Let $X=\mathbb{R}^d$, let $p$ the standard normal distribution on $X$, with zero mean and identity covariance, and let $f:X \to X$ be a diffeomorphism that preserves this normal distribution. For simplicity, let the Jacobian $df$ of $f$ have positive determinant. Then we have that:
$$\log p(f(x))-\log p(x)=- ||f(x)||^2+||x||^2 = -\log \det d f(x) $$
It's easy to construct volume-preserving diffeomorphisms $f$, with $\det df=1$. These preserve the distance to the origin and have for each radius $r > 0$ a uniform measure preserving diffeomorphism $h_r:S^{d-1} \to S^{d-1}$. There diffeomorphisms $h_r$ can be orthogonal transformations or be the flow of a divergence free vector field on the sphere.
Now my question is: do there also exist diffeomorphisms $f$ that preserve the standard normal distribution, but that do not preserve the distance to the origin, so that they are not volume preserving?
What I tried so far (please let me know it I made mistakes here):
- in the case $X=\mathbb{R}^1$, then only the identity is a positive normal distribution preserving diffeomorphism (still assuming positive $\det df$).
- we have that $\det df(0) \ge 1$ and $\det df(f^{-1}(0)) \le 1$, so either $f(0)=0$ with $\det df(0) = 1$, or there is a set at which $\det df=1$ which separate $0$ and $f^{-1}(0)$.
- if $f$ preserves the origin then there can not exist an open ball $U$ around the origin in which $\det df < 1$ everywhere but at the origin, because then $||f(x)||^2 < ||x||^2 \implies f(U) \subsetneq U \implies p(f(U)) < p(U)$, contradicting the preservation of the standard normal distribution.
- any standard normal preserving $f$ that factorizes into a radial diffeomorphism $g: \mathbb{R}_{\ge 0} \to \mathbb{R}_{\ge 0}$ and for each radius $r > 0$ a diffeomorphism $h_r:S^{d-1} \to S^{d-1}$ is volume preserving, because $h_r$ should preserve the uniform measure and $g$ should preserve the marginal distribution over the radius, implying it is the identity.

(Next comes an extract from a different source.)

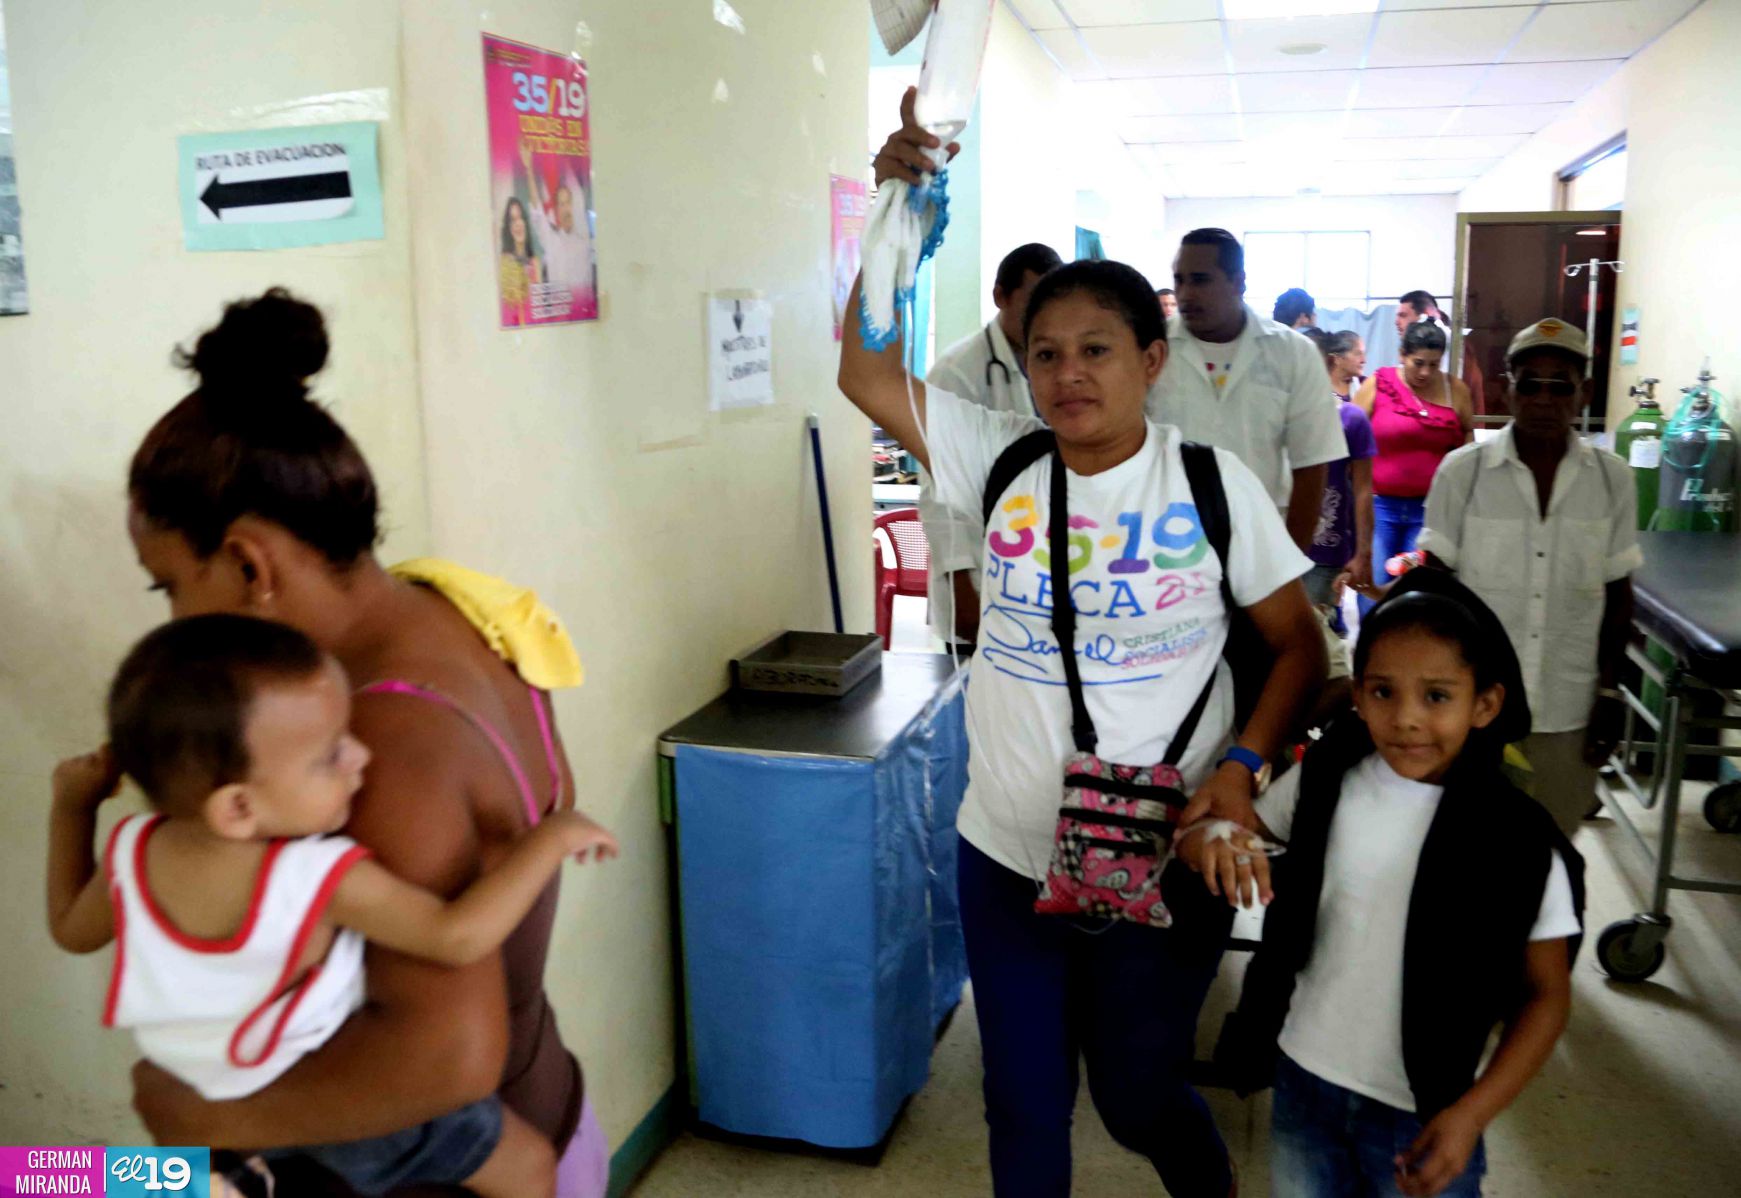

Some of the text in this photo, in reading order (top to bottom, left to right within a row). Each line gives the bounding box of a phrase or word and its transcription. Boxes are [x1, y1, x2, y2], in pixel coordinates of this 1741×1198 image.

[512, 71, 586, 118] 35/19
[197, 142, 347, 170] RUTA DE EVACUACION

- if $f$ has a triangular Jacobian, so that $f(x)_i$ is constant in $x_j$ for all $j > i$, then you can solve these recursively and find that $f(x)=x$.
Thanks!
This is probably not the most direct route, but it is one which I think is geometrically illustrative: Since the normal distribution can be pushed forward to a uniform distribution on the unit ball, the transformations you're interested in correspond to the volume-preserving maps on the unit ball.
Let $\nu$ be the standard normal distribution in $\mathbb{R}^n$. Consider a "radial" transformation $\varphi(\vec{x})=\rho(\|\vec{x}\|)\vec{x}/\|\vec{x}\|$ where $\rho:[0,\infty)\to[0,\infty)$ is a strictly increasing differentiable function with $\rho(0)=0$. For a suitable choice of $\rho$ we, can ensure that the pushforward of the normal distribution $\varphi_*\nu$ is the uniform distribution on the unit ball $\mathbb{B}^n$. To compute the appropriate form of $\rho$, we can consider the spherical shell $U=\{\vec{x}\in\mathbb{R}^n:r<\|\vec{x}\|<r+dr\}$ and note that $\nu(U)$ must be proportional to the volume of $\varphi(U)$: $$ r^{n-1}e^{-r^2/2}dr\propto\rho^{n-1}(r)d\rho(r) \\ $$ With some computation, this yields $$ \rho(r)\propto\left(\int_0^rt^{n-1}e^{-t^2/2}dt\right)^{1/n} $$ Finding the appropriate choice of constant so that $\lim_{r\to\infty}\rho(r)=1$, we have $$ \rho(r)=\left(\frac{2^{1-n/2}}{\Gamma(n/2)}\int_0^rt^{n-1}e^{-t^2/2}dt\right)^{1/n} $$ One can show that for this $\rho$, $\varphi:\mathbb{R}^n\to\mathbb{B}^n$ is a diffeomorphism, and $\varphi_*\nu$ is uniform.
Thus, given any volume preserving map $f:\mathbb{B}^n\to\mathbb{B}^n$, $\varphi^{-1}\circ f\circ\varphi$ is a $\nu$-preserving automorphism of $\mathbb{R}^n$. In dimension $n>1$ there are many such automorphisms (think, for instance, of the ways in which water can flow in a spherical container). As a simple example in $n=2$, consider any smooth function $H:\overline{\mathbb{B}^2}\to\mathbb{R}$ which vanishes on the boundary. The flow of the corresponding Hamiltonian vector field $V_H=(-\partial_yH,\partial_x H)$ is a volume preserving diffeomorphism of $\mathbb{B}^n$.